Economia

Exportações brasileiras à Argentina caem 18% com perda de fôlego do setor automotivo

jul, 31, 2026 Postado porGabriel Malheiros

Semana202631

As exportações do Brasil para a Argentina recuaram 18,1% em junho, num sinal de desaceleração do comércio bilateral em meio ao aumento das tensões diplomáticas entre Brasília e Buenos Aires.

Dados do Ministério do Desenvolvimento, Indústria, Comércio e Serviços, divulgados pela Exame, mostram que os embarques brasileiros ao mercado argentino somaram US$ 1,33 bilhão no mês, ante US$ 1,6 bilhão em junho de 2025.

A participação da Argentina nas exportações totais do Brasil também diminuiu, passando de 5,6% em junho do ano passado para 3,7% no mesmo mês de 2026.

Apesar da queda, o país vizinho continua sendo o principal parceiro comercial do Brasil no Mercosul e o terceiro maior destino das exportações brasileiras, atrás apenas de China e Estados Unidos.

A perda de ritmo ocorre enquanto a Argentina prossegue com o ajuste econômico conduzido pelo presidente Javier Milei e as divergências políticas entre o governo argentino e o presidente Luiz Inácio Lula da Silva se tornam mais evidentes.

Até o momento, não há restrições oficiais que afetem o comércio entre os dois países. Ainda assim, o enfraquecimento das exportações aumenta a preocupação das empresas que integram as cadeias produtivas e logísticas entre Brasil e Argentina, especialmente nos setores industrial e automotivo.

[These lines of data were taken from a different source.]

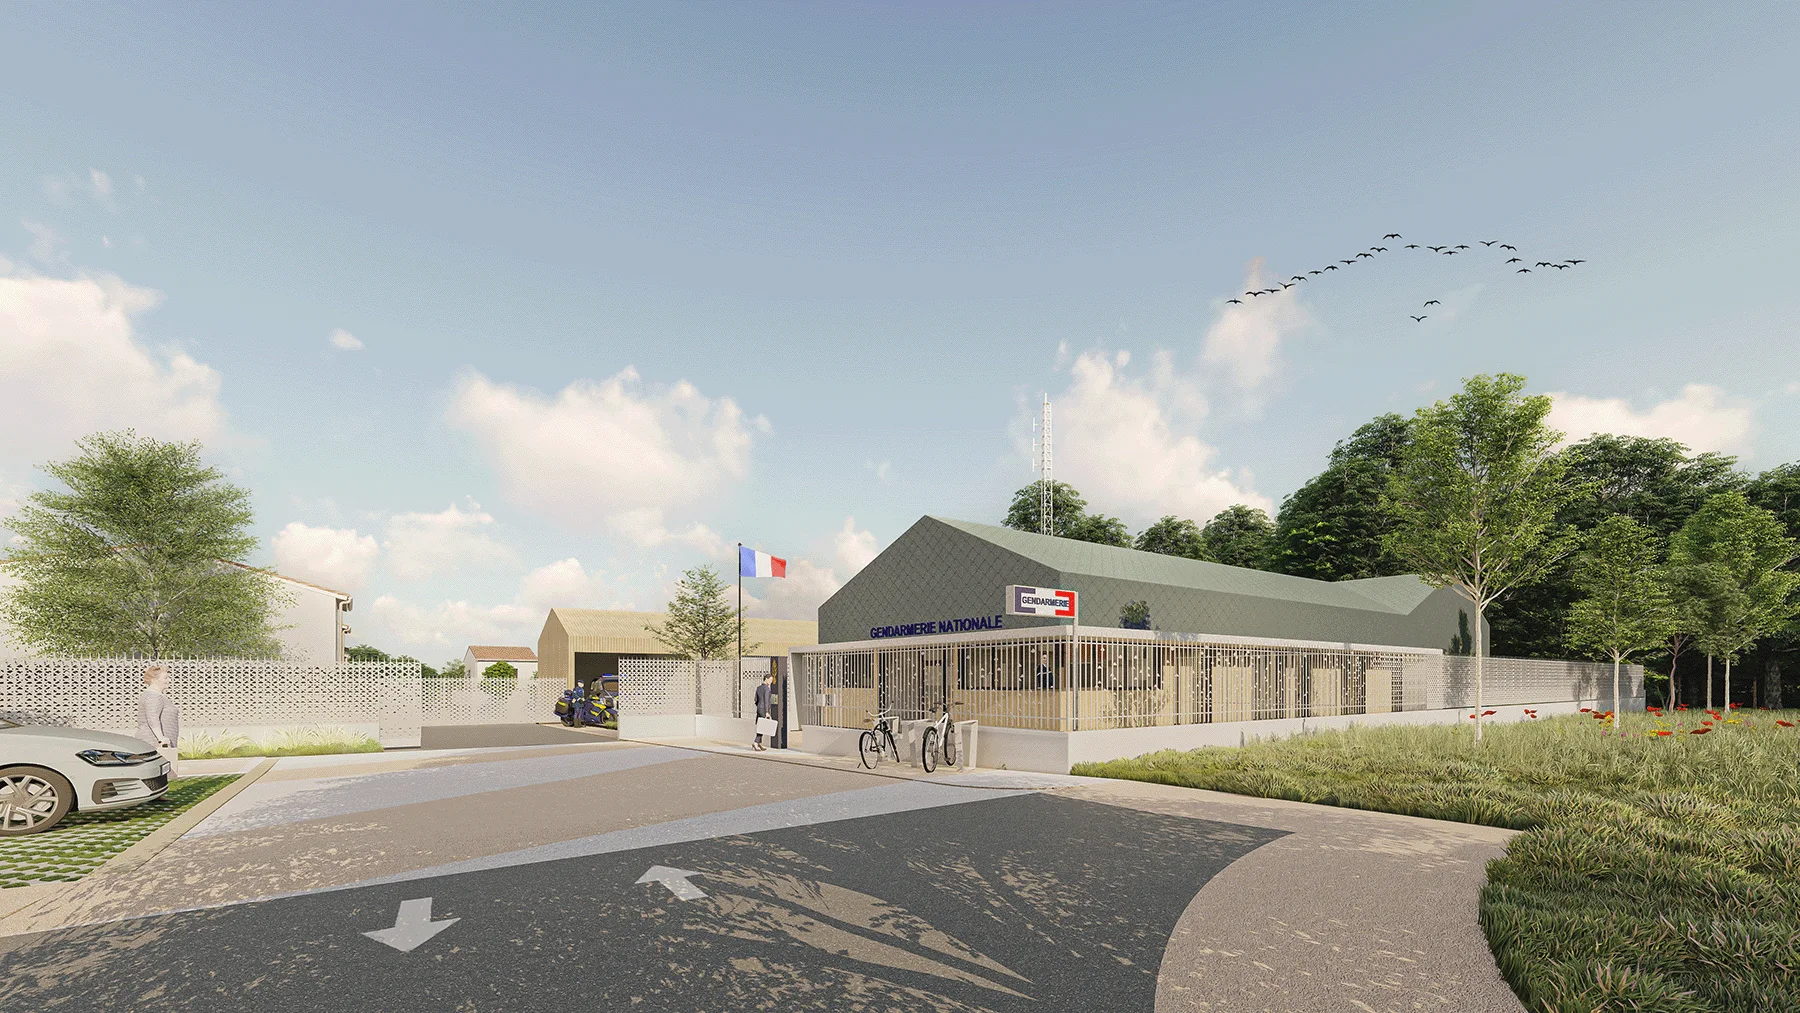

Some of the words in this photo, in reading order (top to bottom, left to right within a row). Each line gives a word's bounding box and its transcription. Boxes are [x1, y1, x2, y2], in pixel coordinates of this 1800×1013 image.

[1022, 596, 1070, 607] GENDARMERIE
[870, 621, 937, 639] GENDARMERIE
[938, 615, 1003, 633] NATIONALE
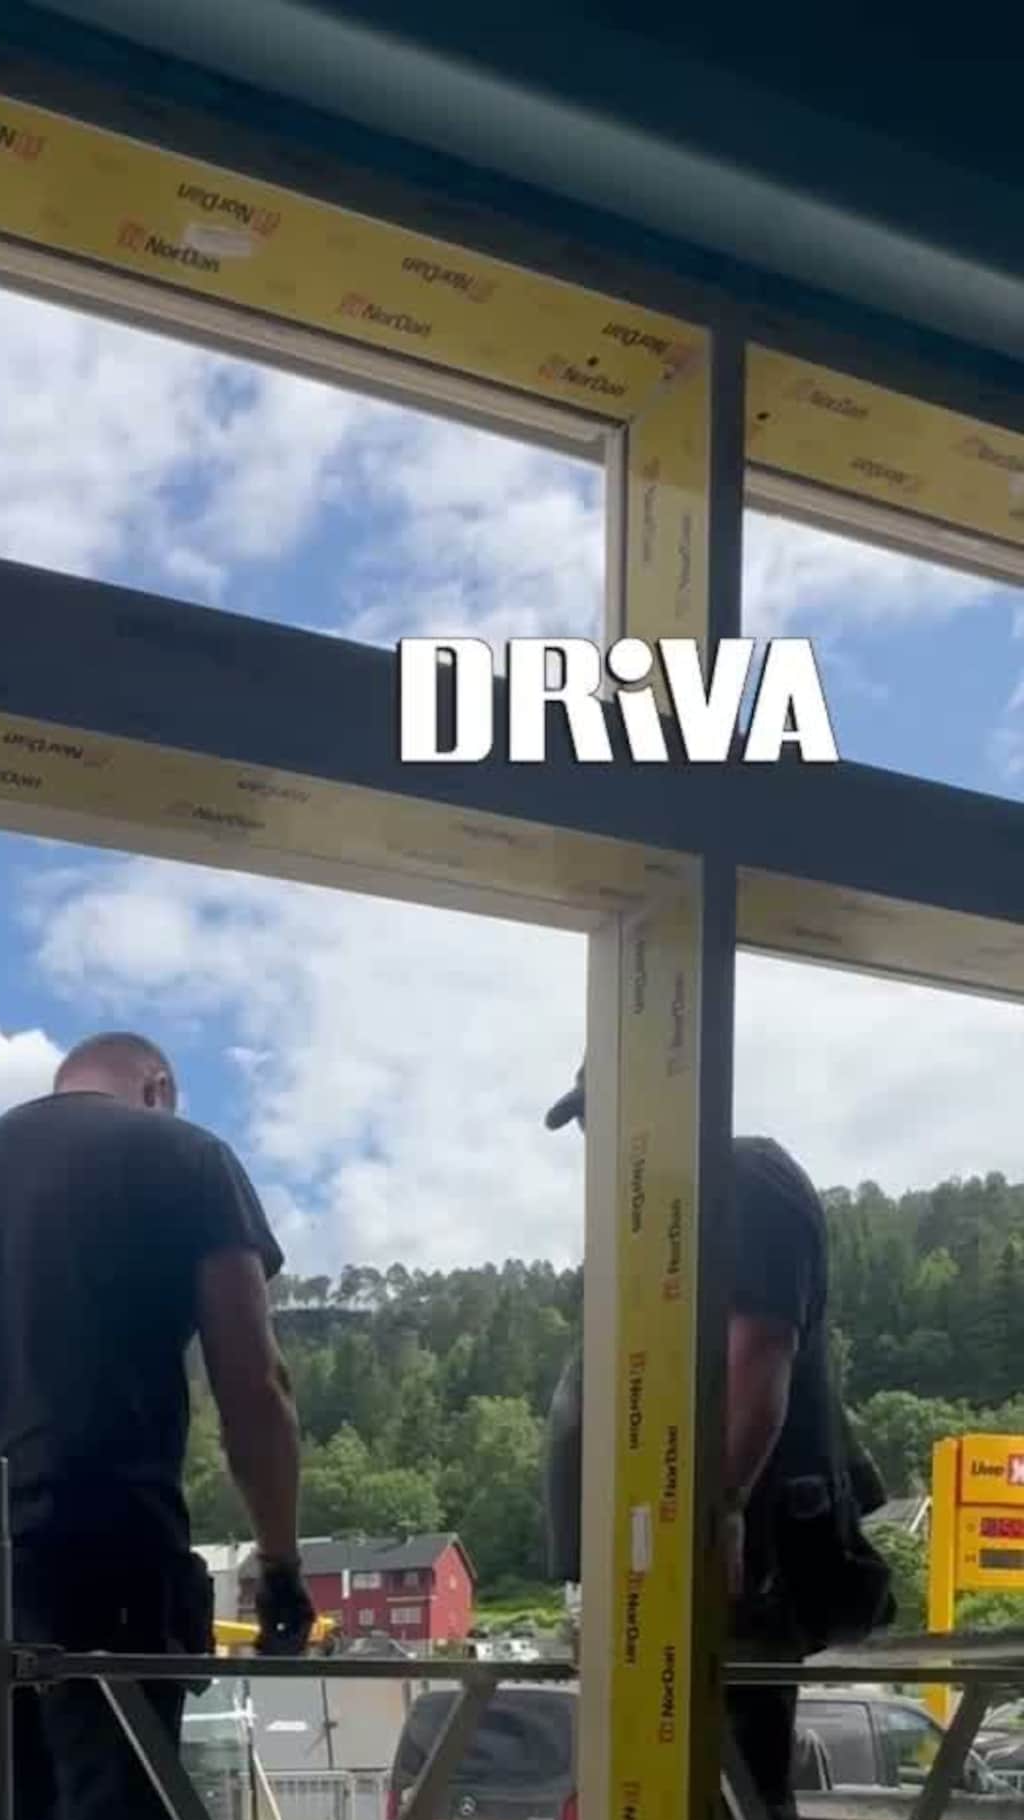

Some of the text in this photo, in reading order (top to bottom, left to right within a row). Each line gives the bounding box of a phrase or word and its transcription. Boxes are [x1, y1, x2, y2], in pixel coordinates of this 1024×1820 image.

[177, 182, 256, 226] NorDan
[144, 233, 221, 274] NorDan
[362, 300, 432, 338] NorDan
[628, 1376, 643, 1451] NorDan
[625, 1590, 640, 1665] NorDan
[661, 1644, 676, 1719] NorDan

No mercado de cargas conteinerizadas, a Argentina viu suas exportações ao Brasil crescerem 46,3% em relação ao mesmo mês do ano anterior (jan-mai). As importação vindas do vizinho falante de português diminuíram 17%. Compare os volumes registrados mensalmente a seguir:

Exportação x Importação com Brasil | DataLiner Argentina | Jan 2023 Mai 2026 | TEUs

Fonte: DataLiner (clique aqui para solicitar uma demonstração)

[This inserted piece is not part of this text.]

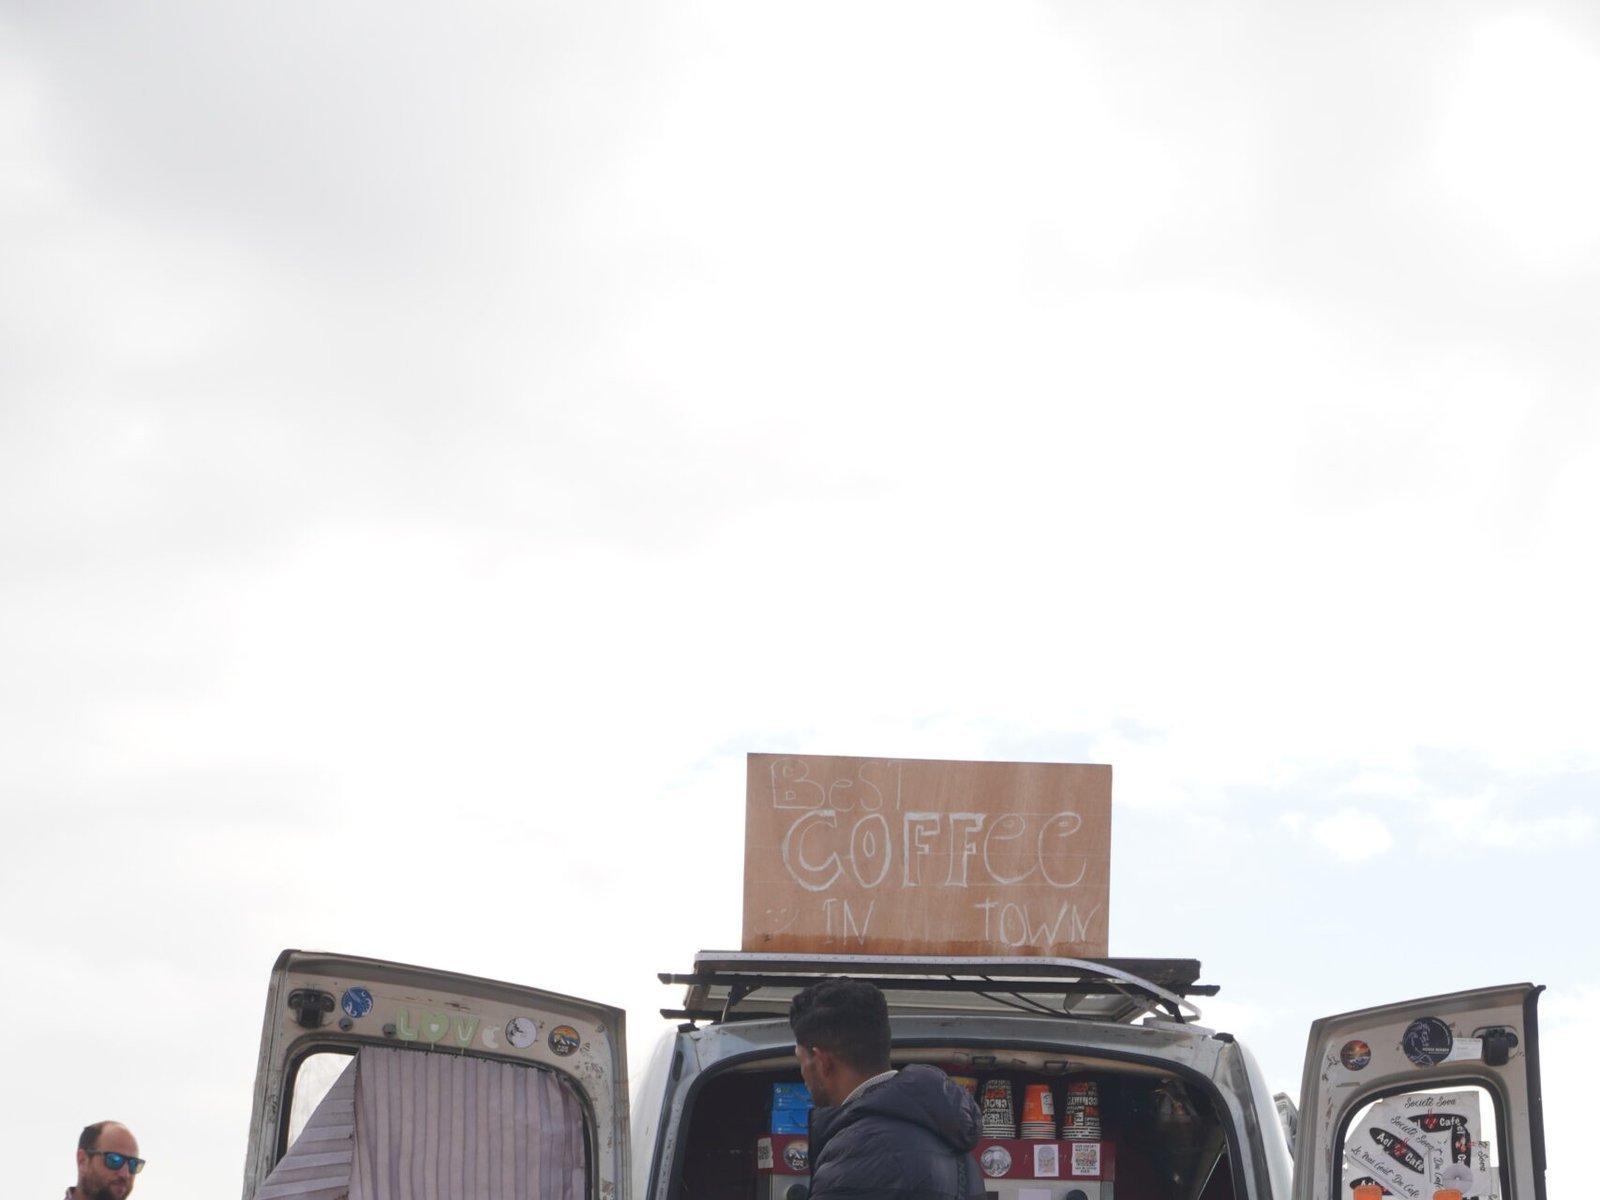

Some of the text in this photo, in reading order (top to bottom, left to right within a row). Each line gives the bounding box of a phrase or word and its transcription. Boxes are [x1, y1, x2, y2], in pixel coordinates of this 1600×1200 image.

[822, 896, 1102, 949] IN TOWN
[1405, 1153, 1424, 1171] Café

Setor automotivo segue no centro do comércio bilateral

A indústria automotiva continua sendo um dos principais pilares das relações comerciais entre Brasil e Argentina. Em junho, as exportações brasileiras de automóveis de passeio ao país vizinho somaram US$ 223 milhões, o equivalente a 16,9% de todos os embarques no período.

O Brasil também exportou US$ 105 milhões em peças e acessórios para veículos, ou 7,9% do total; US$ 57 milhões em veículos para transporte de cargas, o equivalente a 4,3%; US$ 38 milhões em outros veículos rodoviários, ou 2,9%; e US$ 34 milhões em máquinas e equipamentos elétricos, que responderam por 2,6%.

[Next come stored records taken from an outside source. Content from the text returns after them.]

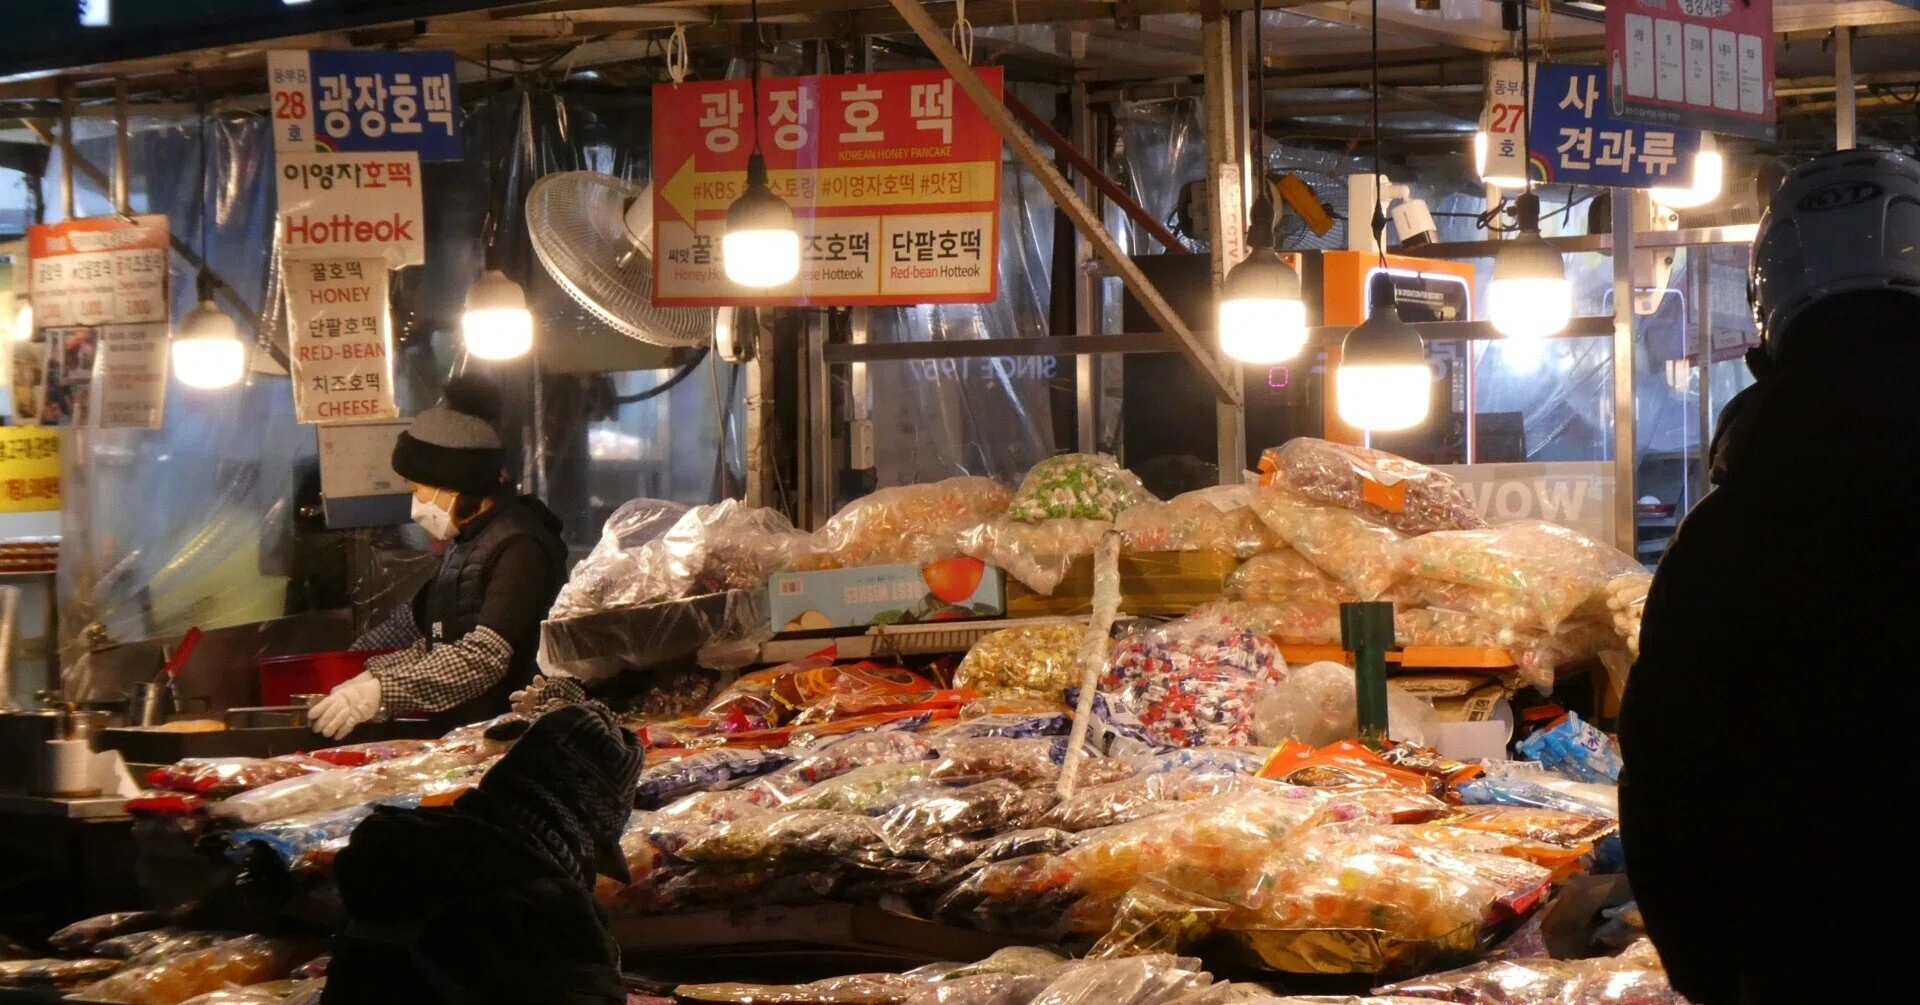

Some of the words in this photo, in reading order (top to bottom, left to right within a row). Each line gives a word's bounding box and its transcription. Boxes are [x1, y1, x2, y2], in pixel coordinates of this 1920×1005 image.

[1494, 79, 1525, 96] 동부
[1558, 74, 1600, 119] 사
[274, 90, 307, 120] 28
[318, 73, 454, 139] 광장호떡
[1490, 103, 1525, 134] 27
[288, 124, 303, 142] 호
[838, 150, 875, 161] KOREAN
[879, 148, 908, 160] HONEY
[910, 145, 953, 158] PANCAKE
[1498, 139, 1515, 158] 호
[1556, 127, 1678, 176] 견과류
[283, 161, 412, 190] 이영자호떡
[692, 180, 737, 201] #KBS
[822, 172, 916, 198] #이영자호떡
[919, 170, 964, 195] #맛집
[285, 212, 414, 245] Hotteok
[802, 232, 869, 263] 즈호떡
[891, 228, 982, 262] 단팥호떡
[310, 261, 363, 282] 꿀호떡
[822, 267, 864, 281] Hotteok
[890, 266, 938, 280] Red-bean
[940, 264, 981, 278] Hotteok
[310, 287, 370, 305] HONEY
[309, 315, 378, 338] 단팥호떡
[300, 343, 386, 362] RED-BEAN
[312, 372, 381, 395] 치즈호떡
[317, 399, 379, 418] CHEESE

Os números reforçam a importância da Argentina para as exportações industriais brasileiras. Veículos, componentes e máquinas ocupam posição central no modelo produtivo integrado que conecta fábricas, fornecedores e operadores logísticos dos dois lados da fronteira.

Importações de produtos argentinos aumentam

Enquanto as exportações brasileiras à Argentina recuaram, as importações provenientes do país vizinho cresceram 3,8% no período, impulsionadas principalmente pelas compras de veículos comerciais, automóveis de passeio, trigo, petróleo bruto e polímeros de etileno.

O movimento revela um desempenho desigual do comércio bilateral: o Brasil passou a vender menos para a Argentina, ao mesmo tempo que ampliou as compras de alguns dos principais produtos argentinos.

Para as empresas de comércio exterior e logística, os dados são relevantes porque as trocas entre os dois países dependem fortemente da previsibilidade das cadeias rodoviárias, marítimas e industriais. Uma eventual deterioração adicional da confiança empresarial ou da coordenação diplomática poderia afetar os fluxos de carga, as decisões de investimento e o planejamento da produção regional.

Por enquanto, os efeitos são comerciais, e não regulatórios. Ainda assim, os números de junho mostram que as exportações brasileiras à Argentina vêm perdendo força em uma relação que continua sendo fundamental para a indústria do Mercosul, o comércio automotivo e a logística regional.